Originally Posted by
Subpilot
Your comment would have been great without your first sentence thrown in, but anyway... You are not calculating the fact that Eagle only sends 50% thru the 824 then it is only 35% up to a maximum of 25 per month. I still think that a 2011 hire will be luck to get the AA call inside of 10years. I like your optimism though and wish for it to become reality. One can only wait and see.
Just looking at the next 5 years, there's only scheduled to be about 800 retirements, but I'm sure more then that will leave. A new contract with provisions allowing AA pilots to be scheduled to fly more will subtract from the need to hire more rather than less.

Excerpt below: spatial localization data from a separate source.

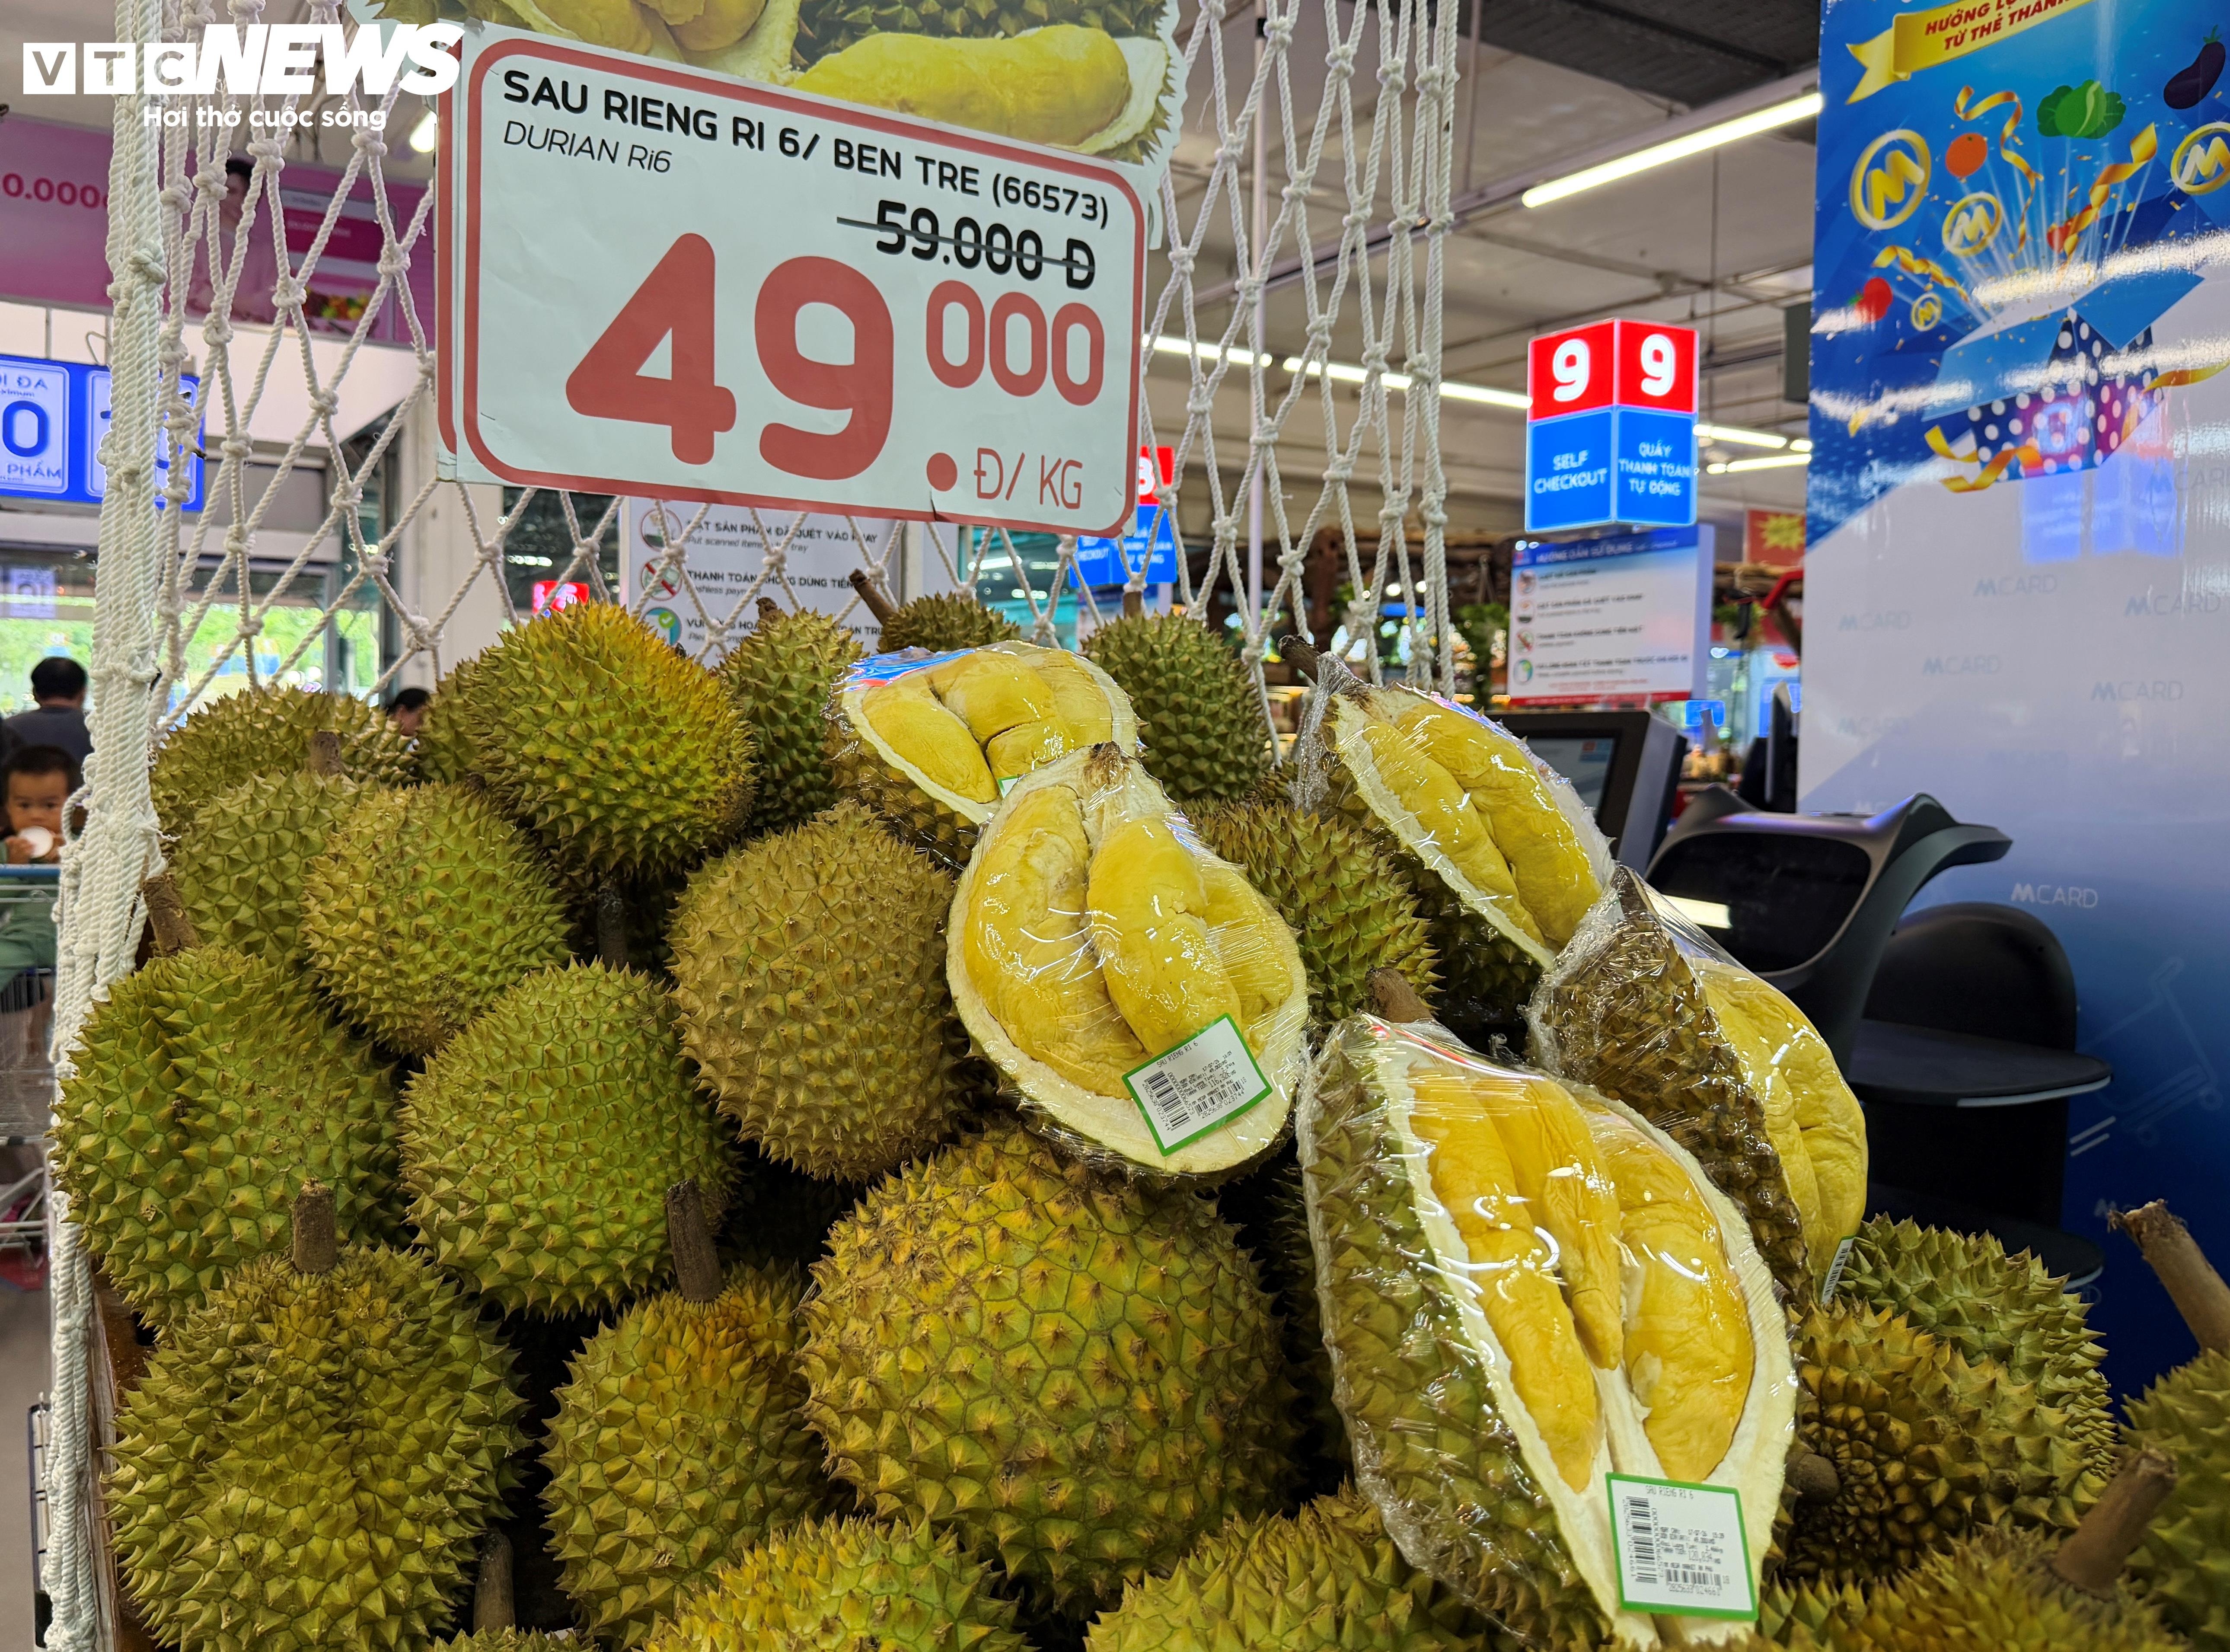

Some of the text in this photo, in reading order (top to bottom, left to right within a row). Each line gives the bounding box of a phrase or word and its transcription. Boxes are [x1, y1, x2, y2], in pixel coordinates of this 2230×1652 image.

[1925, 3, 1990, 35] HƯỞNG
[1944, 29, 1967, 50] TỪ
[1971, 13, 2003, 41] THẺ
[504, 121, 673, 173] DURIAN Ri6
[504, 70, 1109, 230] SAU RIENG RI 6/ BEN TRE (66573)
[3, 172, 108, 209] 0.000
[876, 200, 1043, 280] 59.000
[1553, 338, 1590, 402] 9
[1641, 334, 1676, 396] 9
[1553, 450, 1589, 471] SELF
[1618, 459, 1658, 475] THANH
[1040, 455, 1083, 510] KG
[1534, 468, 1608, 494] CHECKOUT
[2010, 882, 2099, 908] MCARD
[1156, 1058, 1168, 1068] SAU
[1167, 1048, 1184, 1062] RIENG

Looks like the bottom Eagle guys who still have AA numbers will be all over a year from now and then the pilots part of the 824 arbitration come over at 50% of the class I believe, not to exceed 20/month. I'd think AA could keep a steady pace of classes at 35/40 month comprising new-hires, returning recall pilots and some AE guys of the next group, but I'd think that unless AA really ramps up the class size, less then 20 AE pilots per month would be coming aboard over the next 5 years and that it would take about that long to get through the 824 group.
Then it goes to 35% class for the new group of AE pilots starting about 2016 or so and who knows how long it will take to go down that list ?
It's a good deal I guess if it works as planned, but then again the original Letter flowthrough which had more provisions and protections resulted in only about 140 AE pilots in the first 10 years, so I'm not convinced this will work out as planned for AE pilots.